The a2 Milk Company (A2M) has significantly downgraded its revenue and earnings guidance for the current financial year due to pandemic headwinds.

Big downgrade

The company had revised its guidance as recently as late September, projecting group revenue for the first half of FY21 to land between $725 million and $775 million, and whole-year revenue of $1.8 billion to $1.9 billion.

Those figures have been revised down substantially, with first-half revenue of $670 million and full-year numbers in the range of $1.4 billion to $1.55 billion.

Even the best case scenario — taking the lowest figure ($1.8 billion) from the previous guidance and delivering the higher figure ($1.55 billion) of the new guidance — would mark a 13.9 per cent downgrade in projected yearly revenue.

Yearly earnings before interest, tax, depreciation and amortisation (EBITDA) will also return a lower margin than previously projected.

Group EBITDA margins are now estimated at around 26 to 29 per cent, down from 31 per cent under the previous guidance, trimming the potential profits for the year.

Disrupted markets

The company attributes the downgrade to a raft of market forces as global economies are disrupted amid the COVID-19 pandemic.

a2 had predicted a bounce-back in sales to daigou channels (people re-selling goods back into the Chinese market) in the back half of FY21, but that resurgence hasn’t materialised.

The company attributes this largely to a lack of travel from China, with the downturn being deeper and more protracted than previously expected.

The cross-border eCommerce (CBEC) channel has also suffered — in part due to its interdependency with the daigou channel.

Daigou shoppers play an important role in stimulating demand for the CBEC channel, so both avenues to sales have suffered as a result of the diagou downturn.

While the 11/11 online sales still demonstrated year-on-year growth, that growth was smaller than predicted.

Outlook

While there’s no real way to spin the guidance downgrade into good news, there are still segments of the a2 business which are growing, albeit slower than predicted.

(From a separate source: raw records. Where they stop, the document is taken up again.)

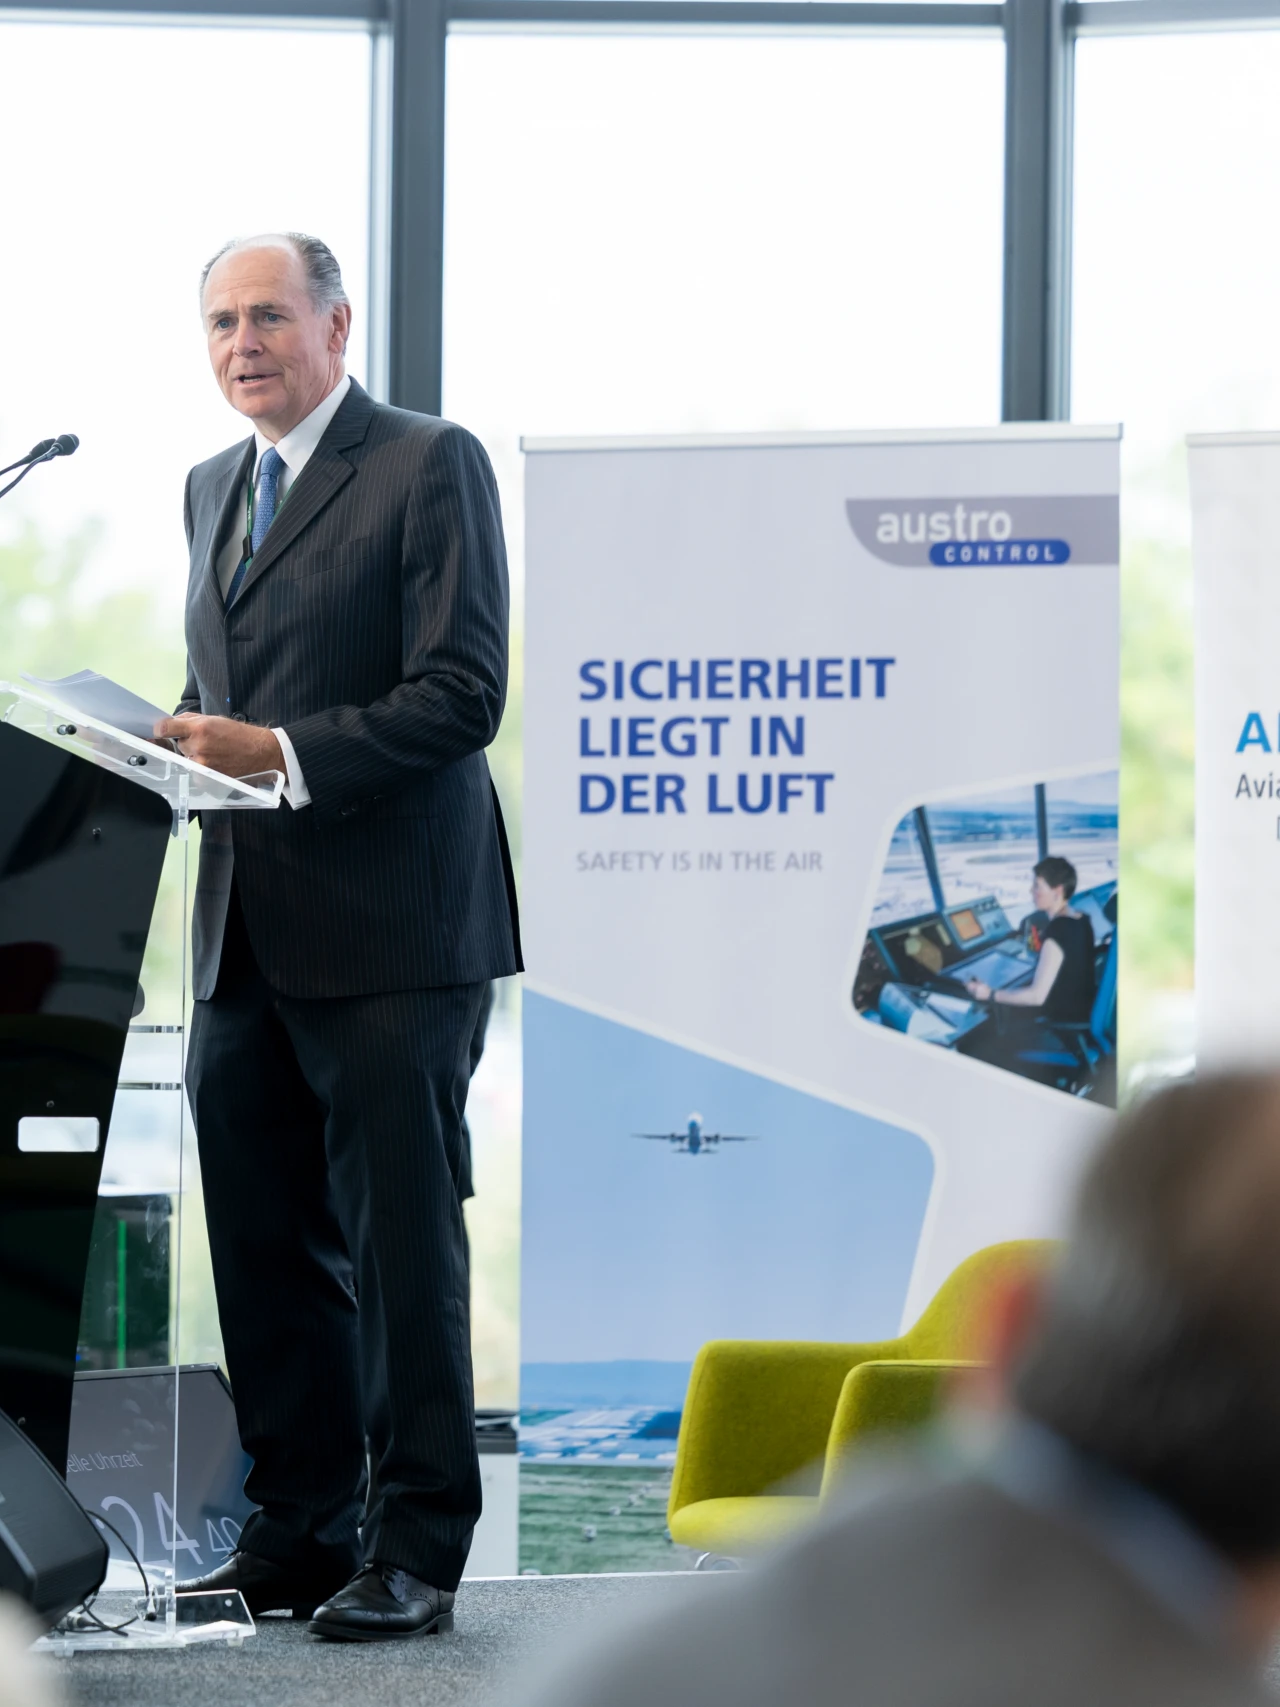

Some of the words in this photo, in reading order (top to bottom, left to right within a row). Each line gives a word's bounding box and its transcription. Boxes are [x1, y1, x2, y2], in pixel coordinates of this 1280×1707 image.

[876, 503, 1012, 544] austro
[944, 544, 1055, 562] CONTROL
[579, 658, 895, 701] SICHERHEIT
[580, 717, 729, 757] LIEGT
[751, 716, 804, 756] IN
[579, 774, 686, 814] DER
[708, 773, 834, 813] LUFT
[577, 851, 664, 872] SAFETY
[672, 851, 692, 872] IS
[699, 851, 722, 871] IN
[731, 851, 775, 871] THE
[784, 850, 823, 871] AIR
[67, 1453, 93, 1473] elle
[89, 1450, 144, 1470] Uhrzeit

The company’s liquid milk brands in Australia and the U.S. have shown solid growth compared to the same period last year.

Revenue from mother and baby stores (MBS) in China has also grown, with first-half revenue growth of over 40 per cent compared to the prior corresponding period.

Brand surveys in the Chinese market also show growth in brand awareness and intention to buy, which bodes well for future expansion.

The company remains confident in its brand and will continue its marketing focus in the back half of the financial year.

The a2 Milk Company is down 24.06 per cent, trading for $10.09 at 1:53 pm AEDT.